There was nothing like this on such a scale in Australia, so in 2015 he formed Stagekings, and the business in Caringbah, New South Wales was soon booming. He built sets for Australian Ninja Warrior, Miley Cyrus, the 2018 Commonwealth Games opening ceremony on the Gold Coast, the Formula 1 Australian Grand Prix in Melbourne, and Edinburgh Castle at the Royal Edinburgh Military Tattoo in Sydney.

However, when the pandemic rendered every single speaker silent, he faced ruin. Overheads, wages and equipment costs were high, and there was no prospect of revenue for months or even years.

 So, to ward off inevitable bankruptcy, he performed one of the most spectacular pivots of any Australian business. Instead of constructing mighty platforms for rock superstars, he’d make flat-pack desks. Admittedly, it wasn’t quite as sexy, but with millions of office workers forced to stay at home, he figured a few of them might need one.

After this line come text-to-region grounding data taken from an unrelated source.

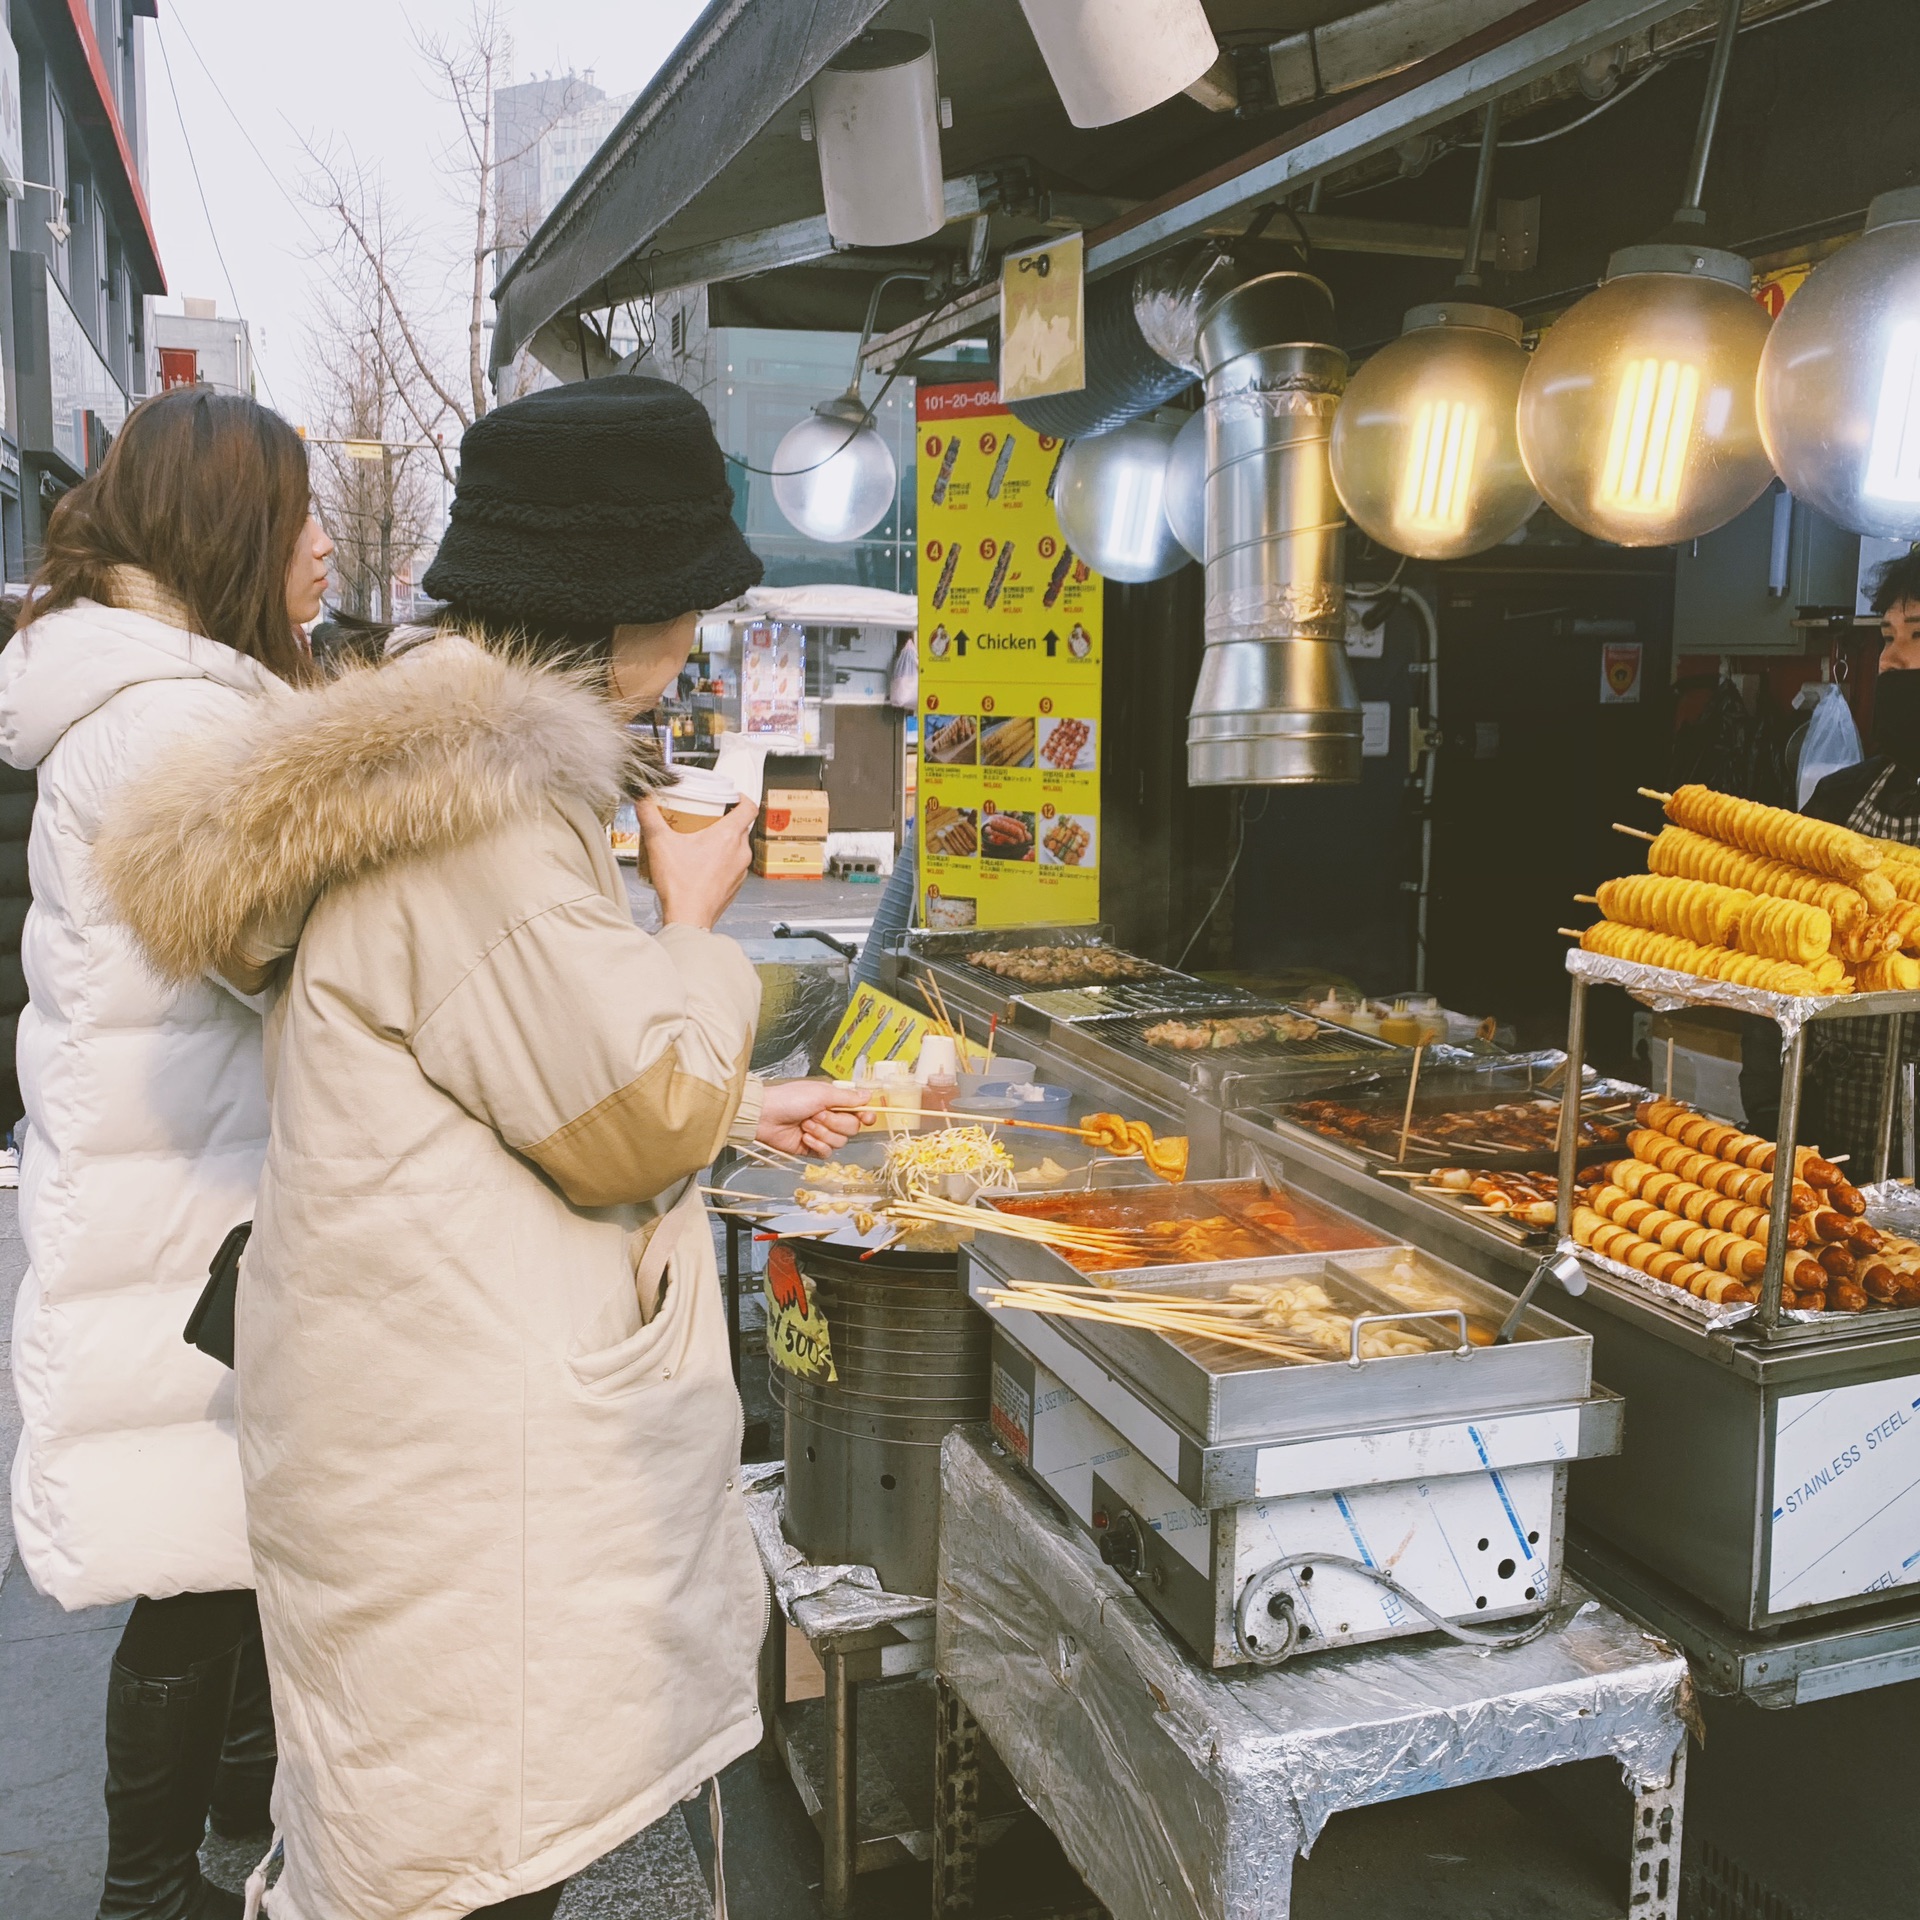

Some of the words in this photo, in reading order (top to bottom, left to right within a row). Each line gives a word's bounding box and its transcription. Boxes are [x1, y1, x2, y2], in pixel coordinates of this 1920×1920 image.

[976, 633, 1037, 650] Chicken
[929, 885, 938, 898] 13
[1786, 1444, 1861, 1513] STAINLESS
[1865, 1410, 1909, 1450] STEEL
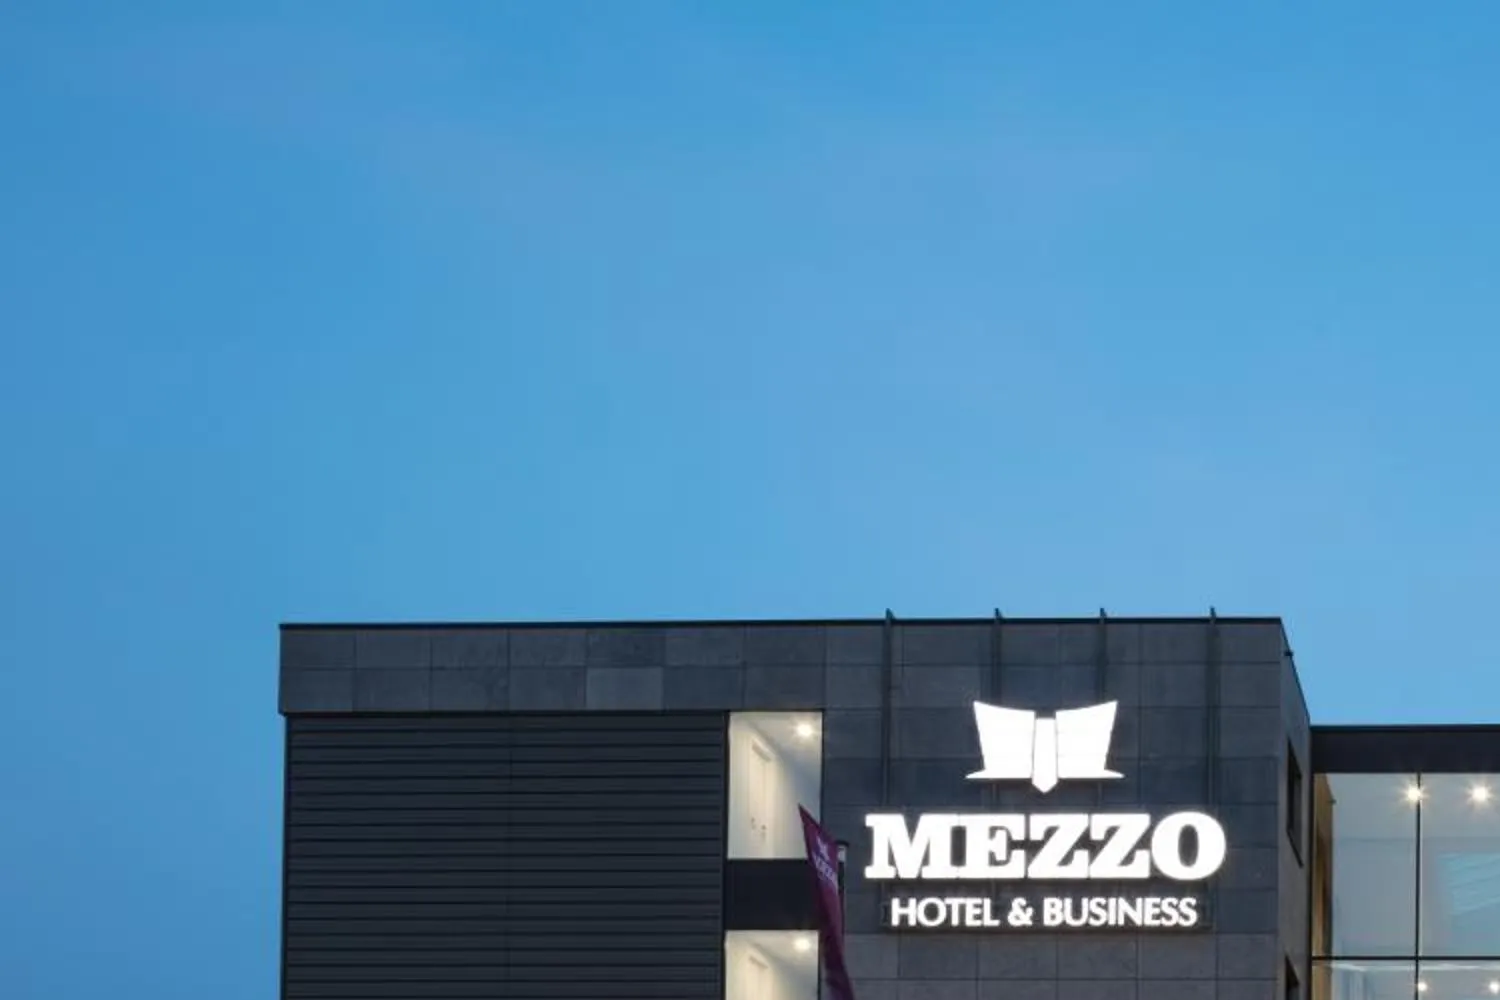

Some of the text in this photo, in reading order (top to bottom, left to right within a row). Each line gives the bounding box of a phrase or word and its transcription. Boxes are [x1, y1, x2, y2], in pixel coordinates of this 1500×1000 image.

[864, 810, 1227, 881] MEZZO
[891, 896, 1198, 927] HOTEL & BUSINESS
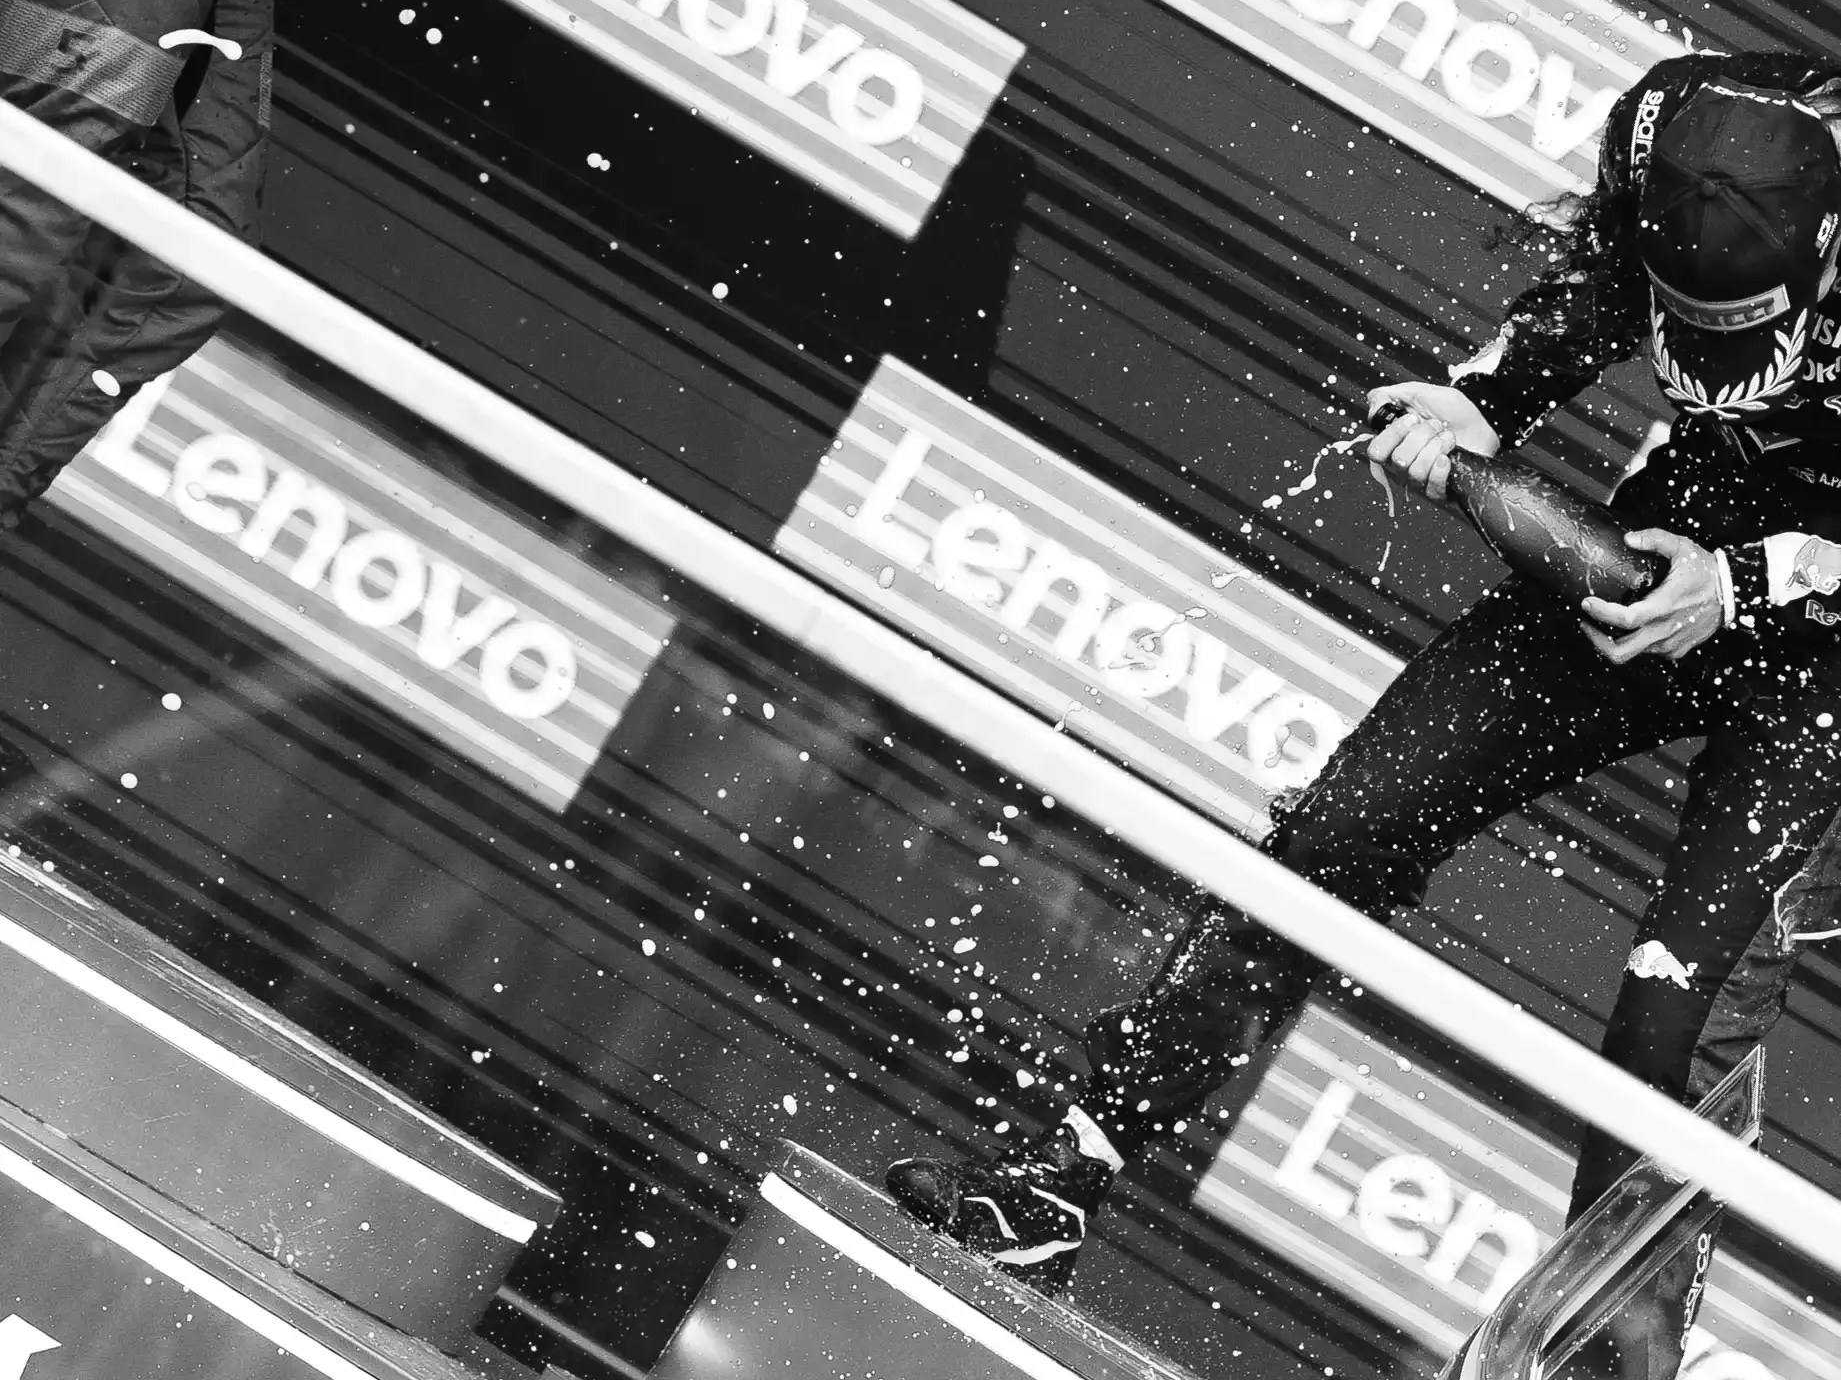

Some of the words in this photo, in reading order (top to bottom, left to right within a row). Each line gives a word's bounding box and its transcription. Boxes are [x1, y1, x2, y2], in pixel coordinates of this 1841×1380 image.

[92, 369, 578, 720] Lenovo
[855, 428, 1348, 789] Lenovo
[1273, 1078, 1539, 1318] Len
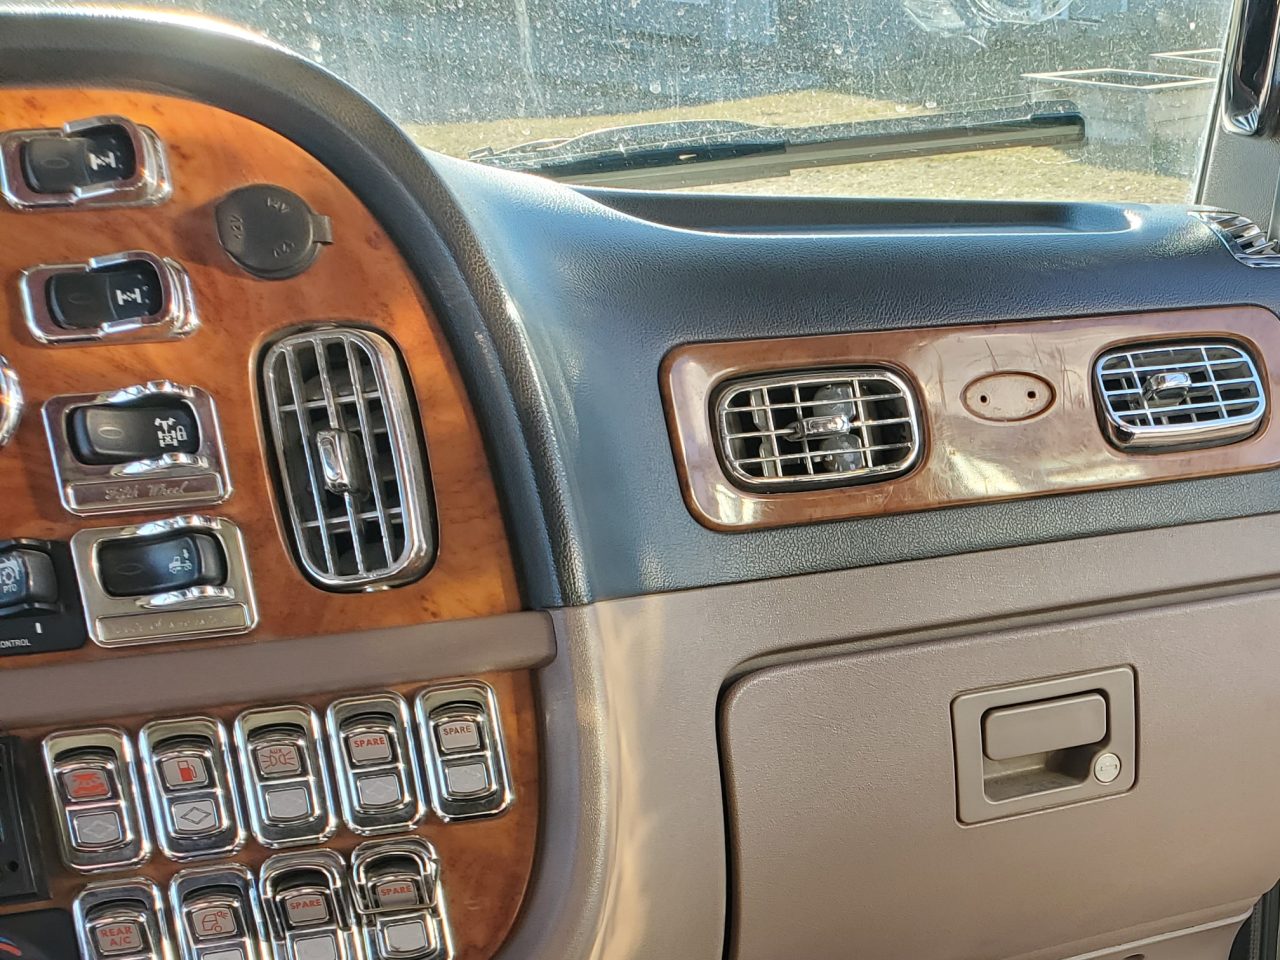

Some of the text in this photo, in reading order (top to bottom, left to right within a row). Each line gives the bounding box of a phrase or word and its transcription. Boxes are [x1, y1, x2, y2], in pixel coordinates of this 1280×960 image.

Fleming set himself an ambitious target of selling A$1 million worth of desks in the first year and got his team to work. When he smashed through that barrier in just 50 days, he knew he was onto something. In less than 12 months, he shifted more than 35,000 desks and made an extraordinary A$3.6 million. Soon he’d diversified into wine racks, hat stands and beds, and was employing an additional 70 out-of-work events staff.

 “Stagekings had been steadily expanding for six years, but with this pure entrepreneurial decision to turn the business on its head overnight – and go from business-to-business production to business-to-consumer retail – our growth went off the dial,” he tells The CEO Magazine. “It was a rapid strategic move based on pure survival as our entire industry had been completely decimated.”

 

 

TAKING CONTROL

Kieran Lahey co-founded ingestible beauty brand Vida Glow with his wife Anna in North Sydney seven years ago. In 2020, he made the most important decision in the company’s history, with some staggering results.

When Vida Glow first launched, the ingestible beauty space was relatively non-existent. We take this first-movers approach to everything we do.

“Just over 12 months ago, I made the decision to take full control of our product development and formulations instead of relying on third-party suppliers. I resourced an internal technical and new product development department so that going forward, we own all our intellectual property and formulations. This cemented our position as industry leaders and provided an opportunity to bring competitive and highly profitable innovations to market.

“Vida Glow is going through a major growth phase, with profits more than doubling in a year, so we’re investing into the company to make sure our growth is sustainable. This includes increasing staff numbers from 15 to 50, deepening our skill set and opening an in-house creative studio and development lab for our teams to be creative.”